In the last chapter both discourse analysis (DA) and CDA were described and there was further discussion of CDA. Since this study is not concerned directly with DA, only CDA has been further described. As was previously mentioned CDA is a strand of DA (Foucault 1980) that is referred to as Foucauldian Discourse Analysis. It focuses on the critique of

ideology and power and has its root in linguistics and sociolinguistics (Wooffit 2005). It, particularly, focuses on analysing the manifestation and reproduction of social and political inequalities through discourse (Wooffitt 2005). CDA assumes, basically, that language is a social phenomenon, not only individual, but also institutions and social groupings have specific meanings and values, that are expressed in language and systematic ways; texts are relevant units of language in communication; readers/hearers are not passive recipients in their relationship to text; and there are similarities between the language of science and the language of institutions etc (Kress 1990: 94).

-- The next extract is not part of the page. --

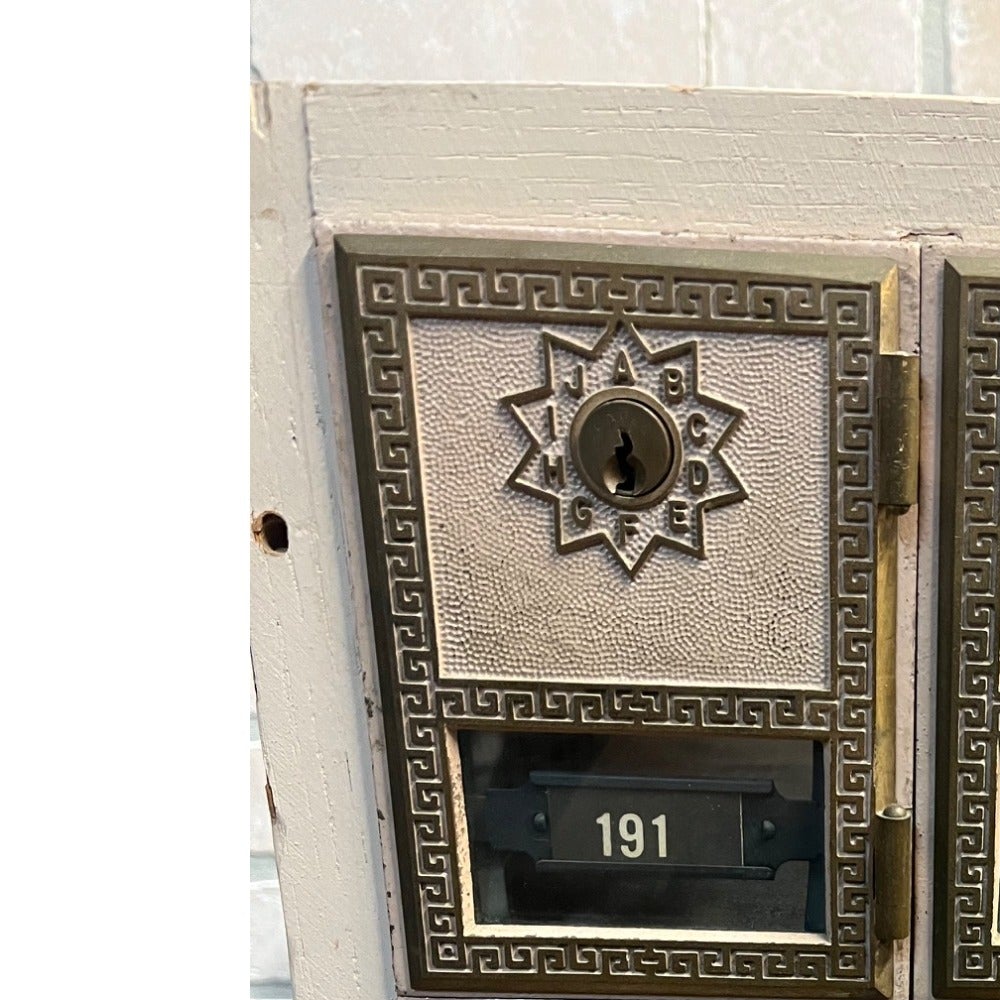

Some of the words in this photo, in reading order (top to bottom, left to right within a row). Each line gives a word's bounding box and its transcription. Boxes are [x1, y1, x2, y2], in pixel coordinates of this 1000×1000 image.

Fairclough (1989) explains further that CDA is used to scrutinise the language of the mass media as a site of power and struggle and also as a site where language is seen to be transparent. While the mass media tend to portray themselves as neutral by providing space for public discussion and reflecting the state of affairs without any vested interest, Fairclough (2001) illustrates the mediating and constructing roles of the media citing a wide range of examples to expose this fallacy (Wodak 2001). Against this backdrop CDA contends that language, on its own, is not powerful, but becomes powerful depending on the use it is put to (Wodak 2001). CDA poses questions that include: How does language figure as an element in social processes? What is the relationship of language to other elements of social processes (Chouliaraki & Fairclough 1999; Fairclough 1992, 1995; Fairclough & Wodak 1997; Fairclough 2001)? CDA often focuses on language just as visual images like photographs and diagrams or body language, gestures and facial expression are also considered (Fairclough 2001). Fairclough (2001) adds that semiosis means the use of language, body language, visual images or other ways of signifying to make meaning. And in order to deal with social issues and problems, CDA analyses texts and interactions as well as other forms of semiosis

material (Fairclough 2001). CDA is critical in that it is concerned with progressive social change; it has been seen to possess an emancipatory knowledge interest (Fairclough 2001). In order to achieve its emancipatory goal, Wodak (2001) explains that while CDA asks research questions, scholars act as advocates for those who suffer social discrimination.